雪冥怔愣了一瞬,他在此地住了九年,便是离开后的十年间,每年也需得在此住上两月,压制寒毒。
从未见过雪山上飘雪,这里的积雪像是自来就有。
有时候从山下上来时,会恍然觉着,这里是下雪的伊始地。
世间一切飘雪,都是从这里下的,因此此处才从未飘过雪。
可是现在,天空开始下雪。
不大,雪花时而被风卷着乱飞,像一个个调皮的精灵。
雪冥摊开掌心,雪花安静地落在掌纹间。
他看着那雪花落下融化,又落下,最后掌心剩下一滩水。
“父皇,母后,是你们吗?”
雪山上终年冷寂,此刻雪花乱飞。
对于雪冥来说,这是生机勃勃地样子。
是这个被老天抛弃的寂静之地,又重新归于人间。
而他,也该回到人间,再仔细感受一番世间百态、七情六欲。
过往二十余年,他游离世间之外,挑起纷争,看这些人为了名利争得头破血流,姿态丑陋。
他似神似鬼,手段残忍,人人惧怕。
他不屑给这世间好脸色,也从未真正地置身其中。
看尽万家灯火,而他自己,始终在黑暗之中。
远处,吵吵闹闹地声音传来,将正沉浸在黑暗中的雪冥硬生生地给扯了出来。
且声音越来越大。
“……南陨城,这是我景兄的!”
“她许本王之求亲礼。”
“你要不要脸!还真要啊!”
“为何不要?”
“你就算要,凭什么要小爷给你扛着?”
“伤重,体弱。”
“废物!”
“……”
雪冥无奈地笑,揉了揉眉心。
认识这几人,便是伤感都没办法伤感到底。
伤春悲秋的意境,被破坏了个干干净净,也把他心底的怅然给盖了过去。
用景郁的话说就是:脑袋里的酸臭文气该倒一倒了。
他抬脚走过去,牧野正背着一个大包袱,不用看就知道里面是金子。
雪冥看了牧野身后两个大摇大摆,手上空无一物地人,替牧野将包袱取下来。
“留在此地便是,雪主殿还有。”
景郁第一个跳起来,“不早说!但是,这些,也是我的!”
她认真地强调。
雪冥无奈摇头,“给你就是。”
景郁把金子放回冰室,还是觉得不放心,“就这样放在这里,万一被人看见,偷走了怎么办?”
雪冥指了指山下,“有阵法,无人上得来。”
景郁被金子占满了脑袋终于重新开始思考,啧啧两声,“合着咱们刚才上山,是雪主放上来的。”

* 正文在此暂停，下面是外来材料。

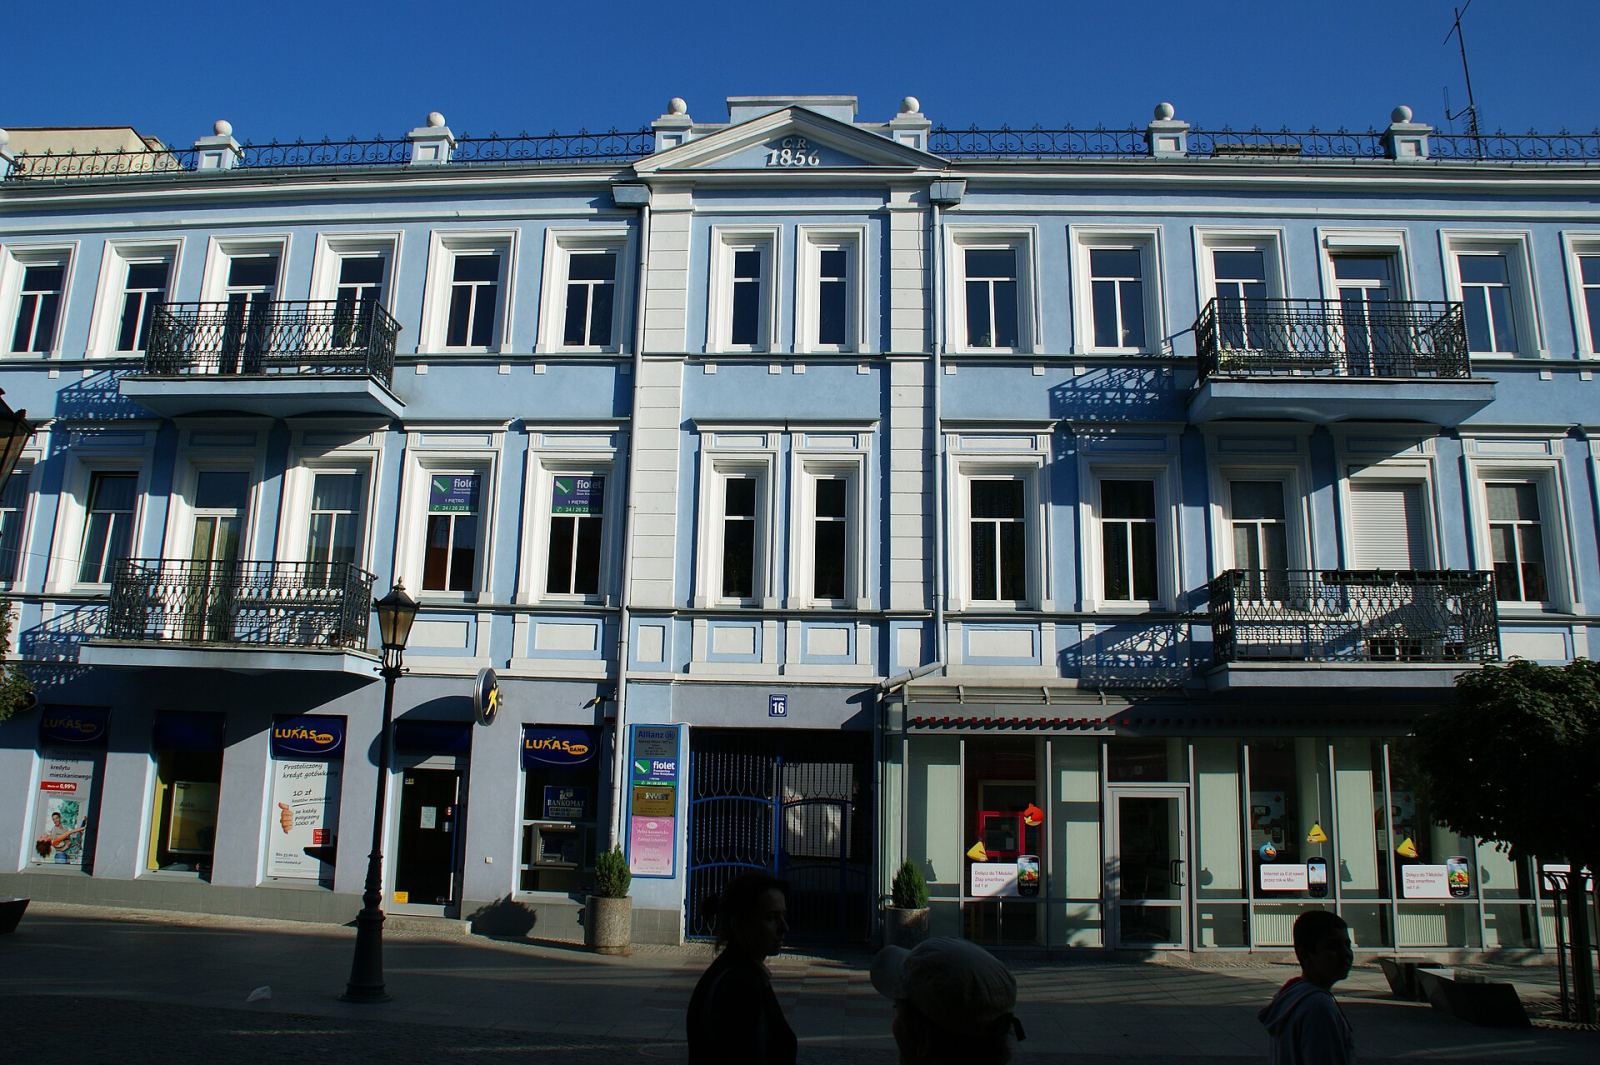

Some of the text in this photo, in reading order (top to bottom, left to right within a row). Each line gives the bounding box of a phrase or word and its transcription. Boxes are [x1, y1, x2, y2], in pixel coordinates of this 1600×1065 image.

[767, 148, 820, 166] 1856
[576, 479, 602, 489] fiolet
[772, 701, 785, 714] 16
[43, 719, 81, 729] LUKAS
[274, 727, 317, 740] LUKAS
[638, 730, 665, 739] Allianz
[525, 738, 570, 750] LUKAS
[653, 761, 676, 770] fiolet
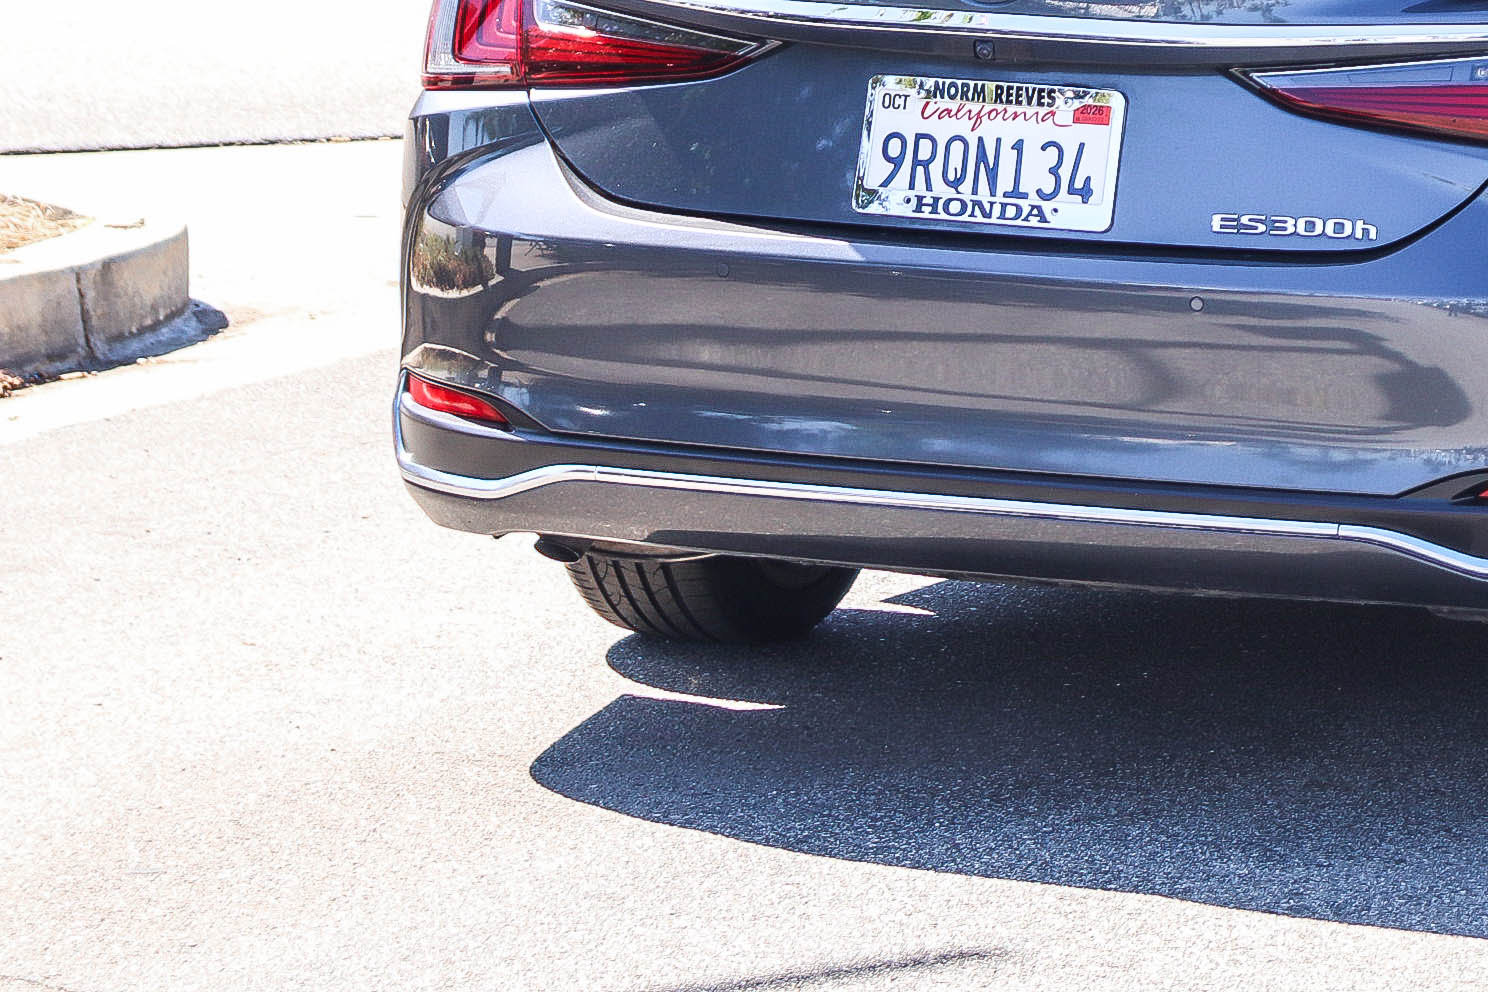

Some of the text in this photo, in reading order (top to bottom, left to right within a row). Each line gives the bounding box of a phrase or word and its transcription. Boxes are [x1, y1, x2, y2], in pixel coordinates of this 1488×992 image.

[881, 92, 911, 111] OCT
[932, 80, 1057, 108] NORM REEVES
[920, 100, 1073, 133] California
[878, 131, 1094, 204] 9RQN134
[912, 194, 1051, 224] HONDA
[1210, 212, 1379, 242] ES300h
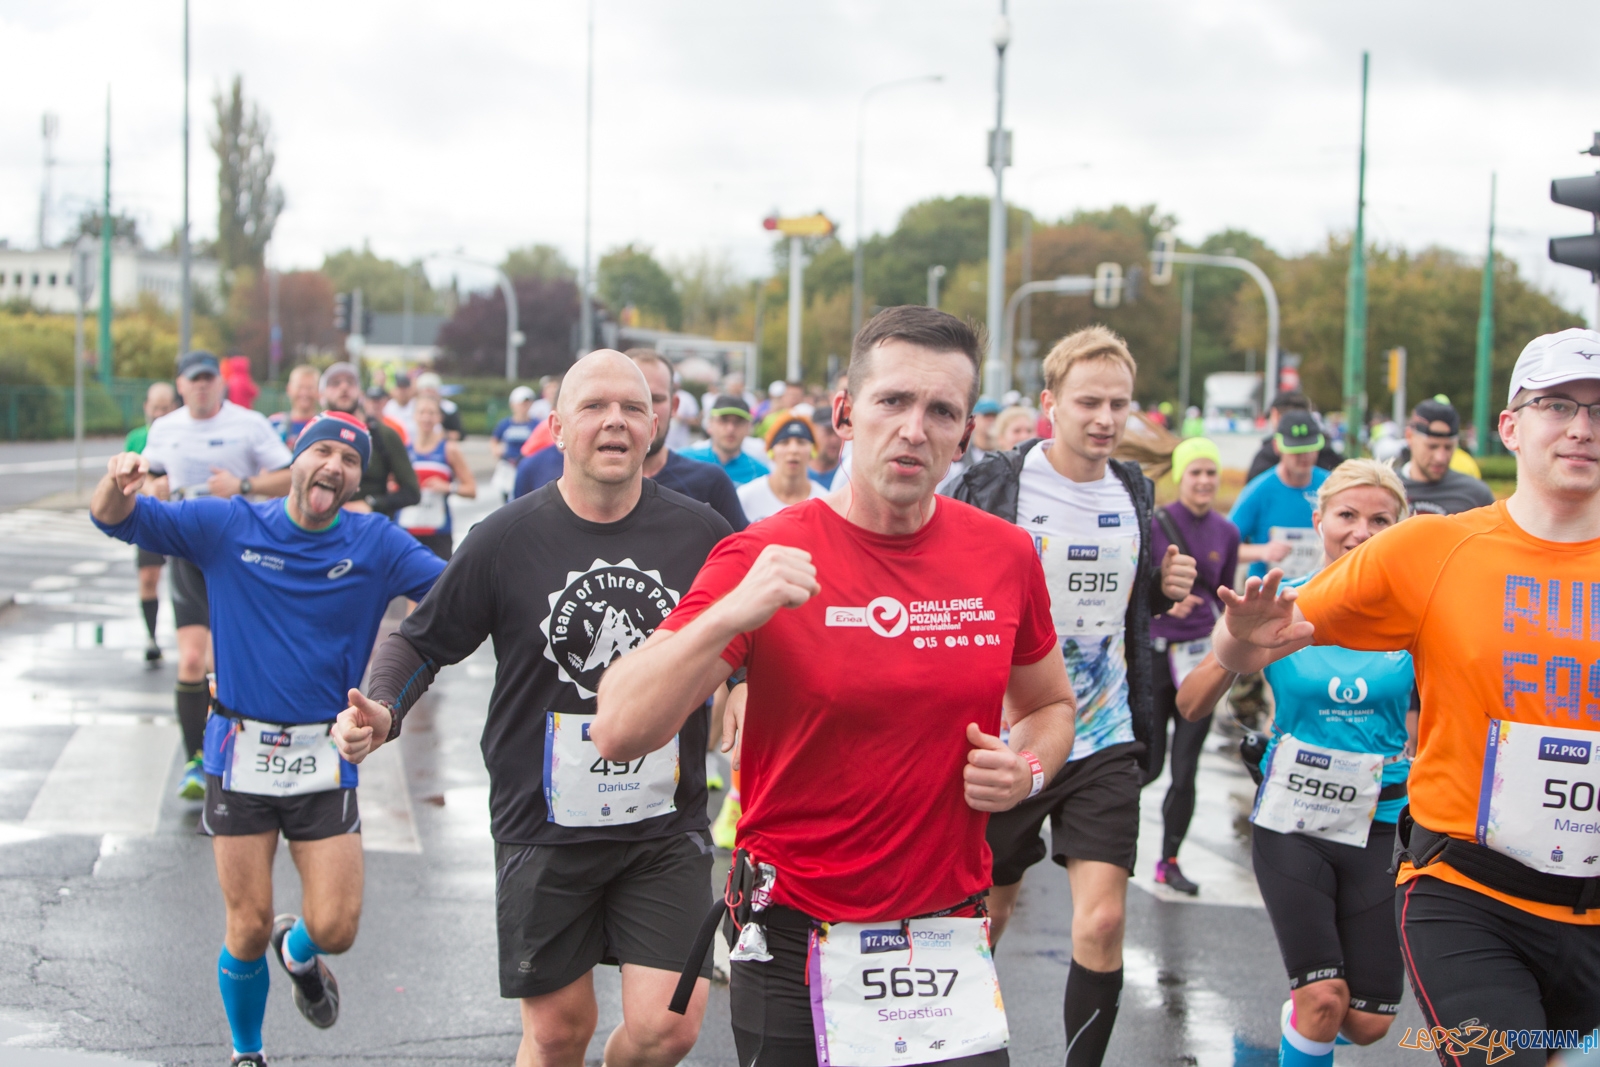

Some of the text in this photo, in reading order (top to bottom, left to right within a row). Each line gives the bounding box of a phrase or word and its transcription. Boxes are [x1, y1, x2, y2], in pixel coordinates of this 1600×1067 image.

[1068, 572, 1119, 592] 6315
[551, 572, 672, 644] Team of Three Pea
[909, 597, 983, 613] CHALLENGE
[1077, 598, 1106, 607] Adrian
[835, 614, 863, 623] Enea
[909, 610, 951, 625] POZNAŃ
[960, 610, 996, 622] POLAND
[925, 637, 938, 649] 1,5
[956, 635, 969, 647] 40
[985, 634, 1001, 646] 10,4
[1561, 745, 1587, 758] PKO
[255, 753, 317, 775] 3943
[590, 755, 648, 776] 497
[272, 780, 298, 788] Adam
[598, 781, 640, 793] Dariusz
[1286, 773, 1357, 803] 5960
[1542, 778, 1600, 812] 50
[1293, 798, 1341, 815] Krystiana
[881, 934, 906, 947] PKO
[1317, 968, 1338, 979] cep
[862, 967, 959, 1000] 5637
[878, 1006, 954, 1022] Sebastian

雪冥脸红了一下,他皮肤太白,这一红极其明显,语气变得恶劣,“若非你二人重伤在身,本尊才不会如此轻易让你二人上来。”
他挑衅地看向南陨城,“定要试试,无乾子的爱徒能否破了本尊的阵法。”
“雪主阵法玄妙,本王倒是不曾看出来有阵法。”
“雪山白雪覆盖,布阵之物在积雪之下,难以发现,摄政王可要再试试,能够破得了这阵?”
南陨城看他一眼,“破不了,往里扔个人试试死门便是。”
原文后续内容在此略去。